(EXERCISE):
Beginning with the line that holds "this 1500×2250 image.", write out the remaining lines of the material exactly, the last line included.
# # #
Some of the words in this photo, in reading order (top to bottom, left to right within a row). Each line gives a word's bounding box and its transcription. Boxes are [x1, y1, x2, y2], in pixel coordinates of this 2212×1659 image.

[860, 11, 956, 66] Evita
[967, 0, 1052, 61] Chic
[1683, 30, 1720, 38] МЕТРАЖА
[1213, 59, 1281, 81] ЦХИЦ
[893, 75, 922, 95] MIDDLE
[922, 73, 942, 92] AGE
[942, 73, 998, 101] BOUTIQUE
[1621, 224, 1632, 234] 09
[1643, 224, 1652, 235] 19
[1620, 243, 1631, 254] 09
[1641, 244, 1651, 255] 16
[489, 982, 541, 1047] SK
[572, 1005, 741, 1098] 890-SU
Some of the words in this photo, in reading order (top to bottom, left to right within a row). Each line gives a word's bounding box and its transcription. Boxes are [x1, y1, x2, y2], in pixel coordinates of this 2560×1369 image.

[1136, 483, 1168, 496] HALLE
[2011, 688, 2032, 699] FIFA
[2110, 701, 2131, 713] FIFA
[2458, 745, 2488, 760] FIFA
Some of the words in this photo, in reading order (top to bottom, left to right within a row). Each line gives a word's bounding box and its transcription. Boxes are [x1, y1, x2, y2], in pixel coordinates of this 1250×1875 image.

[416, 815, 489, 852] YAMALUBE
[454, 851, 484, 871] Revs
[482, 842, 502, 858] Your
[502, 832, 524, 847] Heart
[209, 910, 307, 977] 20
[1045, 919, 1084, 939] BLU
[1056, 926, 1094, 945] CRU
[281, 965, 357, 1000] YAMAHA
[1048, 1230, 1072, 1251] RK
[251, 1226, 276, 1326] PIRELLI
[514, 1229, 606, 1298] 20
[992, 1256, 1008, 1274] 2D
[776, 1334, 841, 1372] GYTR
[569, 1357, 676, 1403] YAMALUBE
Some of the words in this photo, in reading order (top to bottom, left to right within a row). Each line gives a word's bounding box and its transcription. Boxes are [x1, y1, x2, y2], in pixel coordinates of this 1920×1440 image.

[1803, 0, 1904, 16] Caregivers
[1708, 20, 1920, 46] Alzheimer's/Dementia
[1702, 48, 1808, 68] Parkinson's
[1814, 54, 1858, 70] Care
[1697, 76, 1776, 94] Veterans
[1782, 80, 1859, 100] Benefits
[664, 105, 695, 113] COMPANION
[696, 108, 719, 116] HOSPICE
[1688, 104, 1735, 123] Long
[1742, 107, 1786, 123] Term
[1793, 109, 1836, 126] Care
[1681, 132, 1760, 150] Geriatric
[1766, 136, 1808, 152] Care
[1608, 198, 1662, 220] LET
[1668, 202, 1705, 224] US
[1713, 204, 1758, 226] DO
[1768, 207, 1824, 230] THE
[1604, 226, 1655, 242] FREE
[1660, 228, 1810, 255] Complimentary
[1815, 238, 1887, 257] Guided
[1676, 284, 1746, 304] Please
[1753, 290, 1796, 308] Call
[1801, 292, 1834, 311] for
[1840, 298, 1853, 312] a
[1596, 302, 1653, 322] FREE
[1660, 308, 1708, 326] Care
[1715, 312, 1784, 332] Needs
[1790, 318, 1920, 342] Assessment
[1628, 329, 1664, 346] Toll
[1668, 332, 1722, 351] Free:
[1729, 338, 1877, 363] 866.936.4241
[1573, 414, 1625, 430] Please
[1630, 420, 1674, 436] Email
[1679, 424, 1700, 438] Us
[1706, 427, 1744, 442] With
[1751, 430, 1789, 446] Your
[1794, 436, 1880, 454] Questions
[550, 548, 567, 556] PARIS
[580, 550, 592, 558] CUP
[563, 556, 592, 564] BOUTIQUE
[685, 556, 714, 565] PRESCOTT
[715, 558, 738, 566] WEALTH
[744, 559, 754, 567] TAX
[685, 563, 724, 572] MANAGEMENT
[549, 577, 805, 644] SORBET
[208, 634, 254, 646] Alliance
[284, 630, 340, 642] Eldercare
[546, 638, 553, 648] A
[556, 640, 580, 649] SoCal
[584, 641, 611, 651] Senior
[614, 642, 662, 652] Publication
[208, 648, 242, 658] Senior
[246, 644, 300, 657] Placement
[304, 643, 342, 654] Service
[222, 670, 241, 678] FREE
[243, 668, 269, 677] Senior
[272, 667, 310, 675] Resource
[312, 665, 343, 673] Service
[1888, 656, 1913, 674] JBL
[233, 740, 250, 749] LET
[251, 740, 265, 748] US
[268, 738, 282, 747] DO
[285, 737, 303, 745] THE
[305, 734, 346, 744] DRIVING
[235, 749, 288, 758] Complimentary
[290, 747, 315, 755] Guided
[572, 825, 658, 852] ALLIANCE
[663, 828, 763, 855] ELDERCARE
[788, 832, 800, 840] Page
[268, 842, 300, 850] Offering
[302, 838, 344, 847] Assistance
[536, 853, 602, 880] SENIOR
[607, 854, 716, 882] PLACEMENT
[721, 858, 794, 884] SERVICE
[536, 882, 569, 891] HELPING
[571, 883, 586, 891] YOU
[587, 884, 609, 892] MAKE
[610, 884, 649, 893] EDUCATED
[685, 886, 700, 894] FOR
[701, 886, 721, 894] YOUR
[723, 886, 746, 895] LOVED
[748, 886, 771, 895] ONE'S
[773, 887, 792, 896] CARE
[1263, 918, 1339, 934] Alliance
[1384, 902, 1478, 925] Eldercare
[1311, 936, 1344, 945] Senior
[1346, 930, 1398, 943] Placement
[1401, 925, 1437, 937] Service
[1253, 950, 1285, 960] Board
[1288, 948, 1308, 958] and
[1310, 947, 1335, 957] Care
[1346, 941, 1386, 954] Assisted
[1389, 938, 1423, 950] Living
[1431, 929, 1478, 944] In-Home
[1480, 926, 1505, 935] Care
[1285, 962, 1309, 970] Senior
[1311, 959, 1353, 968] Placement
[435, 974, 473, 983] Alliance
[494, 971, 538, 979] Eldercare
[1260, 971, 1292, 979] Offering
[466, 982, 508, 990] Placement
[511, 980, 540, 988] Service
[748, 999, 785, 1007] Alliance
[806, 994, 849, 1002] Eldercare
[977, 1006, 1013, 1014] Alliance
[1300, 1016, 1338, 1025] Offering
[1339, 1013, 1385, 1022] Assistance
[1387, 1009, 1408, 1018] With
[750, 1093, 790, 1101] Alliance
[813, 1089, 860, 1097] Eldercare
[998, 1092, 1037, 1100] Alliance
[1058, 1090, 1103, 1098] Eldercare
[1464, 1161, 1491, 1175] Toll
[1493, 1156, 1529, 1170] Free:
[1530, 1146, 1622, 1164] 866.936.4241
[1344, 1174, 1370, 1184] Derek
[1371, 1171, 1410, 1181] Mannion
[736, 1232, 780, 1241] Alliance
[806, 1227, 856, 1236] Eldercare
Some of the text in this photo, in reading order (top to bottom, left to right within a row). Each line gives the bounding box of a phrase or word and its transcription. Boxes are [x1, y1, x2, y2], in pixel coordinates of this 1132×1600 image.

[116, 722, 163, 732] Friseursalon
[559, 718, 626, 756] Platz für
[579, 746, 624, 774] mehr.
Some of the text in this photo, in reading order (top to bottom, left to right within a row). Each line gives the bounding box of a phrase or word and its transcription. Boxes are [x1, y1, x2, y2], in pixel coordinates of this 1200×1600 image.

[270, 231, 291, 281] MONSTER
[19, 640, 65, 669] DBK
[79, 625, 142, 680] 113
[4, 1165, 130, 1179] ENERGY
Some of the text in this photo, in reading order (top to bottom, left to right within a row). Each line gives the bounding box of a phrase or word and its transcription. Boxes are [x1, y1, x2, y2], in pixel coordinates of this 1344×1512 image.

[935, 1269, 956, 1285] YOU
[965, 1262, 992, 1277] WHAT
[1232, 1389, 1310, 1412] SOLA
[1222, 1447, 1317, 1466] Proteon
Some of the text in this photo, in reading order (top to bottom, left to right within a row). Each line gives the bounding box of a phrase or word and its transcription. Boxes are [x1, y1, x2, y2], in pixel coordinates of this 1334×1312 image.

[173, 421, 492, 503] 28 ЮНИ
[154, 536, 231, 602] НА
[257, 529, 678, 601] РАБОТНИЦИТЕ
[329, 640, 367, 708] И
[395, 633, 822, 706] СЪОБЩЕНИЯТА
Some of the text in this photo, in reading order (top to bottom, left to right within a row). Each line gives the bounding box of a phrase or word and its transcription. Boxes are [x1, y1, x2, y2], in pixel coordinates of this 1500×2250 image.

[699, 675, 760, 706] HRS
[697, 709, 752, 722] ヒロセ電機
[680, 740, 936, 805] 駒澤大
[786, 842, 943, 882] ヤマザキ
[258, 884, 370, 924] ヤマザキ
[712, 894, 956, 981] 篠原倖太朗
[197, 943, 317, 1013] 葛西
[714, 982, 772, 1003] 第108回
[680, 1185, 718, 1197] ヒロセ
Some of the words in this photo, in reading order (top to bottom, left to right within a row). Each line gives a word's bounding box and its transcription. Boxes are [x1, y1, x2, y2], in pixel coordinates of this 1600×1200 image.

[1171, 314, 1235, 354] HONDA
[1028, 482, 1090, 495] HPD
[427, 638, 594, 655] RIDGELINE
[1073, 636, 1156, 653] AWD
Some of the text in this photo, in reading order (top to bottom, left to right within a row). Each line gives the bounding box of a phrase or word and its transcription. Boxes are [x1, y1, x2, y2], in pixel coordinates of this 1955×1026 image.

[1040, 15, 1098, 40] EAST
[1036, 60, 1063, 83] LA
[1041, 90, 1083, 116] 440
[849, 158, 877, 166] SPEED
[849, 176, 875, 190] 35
# # #
(SOLUTION BELOW):
Some of the text in this photo, in reading order (top to bottom, left to right within a row). Each line gives the bounding box of a phrase or word and its transcription. Boxes are [x1, y1, x2, y2], in pixel coordinates of this 1500×2250 image.

[699, 675, 760, 706] HRS
[697, 709, 752, 722] ヒロセ電機
[680, 740, 936, 805] 駒澤大
[786, 842, 943, 882] ヤマザキ
[258, 884, 370, 924] ヤマザキ
[712, 894, 956, 981] 篠原倖太朗
[197, 943, 317, 1013] 葛西
[714, 982, 772, 1003] 第108回
[680, 1185, 718, 1197] ヒロセ
Some of the words in this photo, in reading order (top to bottom, left to right within a row). Each line gives a word's bounding box and its transcription. Boxes are [x1, y1, x2, y2], in pixel coordinates of this 1600×1200 image.

[1171, 314, 1235, 354] HONDA
[1028, 482, 1090, 495] HPD
[427, 638, 594, 655] RIDGELINE
[1073, 636, 1156, 653] AWD
Some of the text in this photo, in reading order (top to bottom, left to right within a row). Each line gives the bounding box of a phrase or word and its transcription. Boxes are [x1, y1, x2, y2], in pixel coordinates of this 1955×1026 image.

[1040, 15, 1098, 40] EAST
[1036, 60, 1063, 83] LA
[1041, 90, 1083, 116] 440
[849, 158, 877, 166] SPEED
[849, 176, 875, 190] 35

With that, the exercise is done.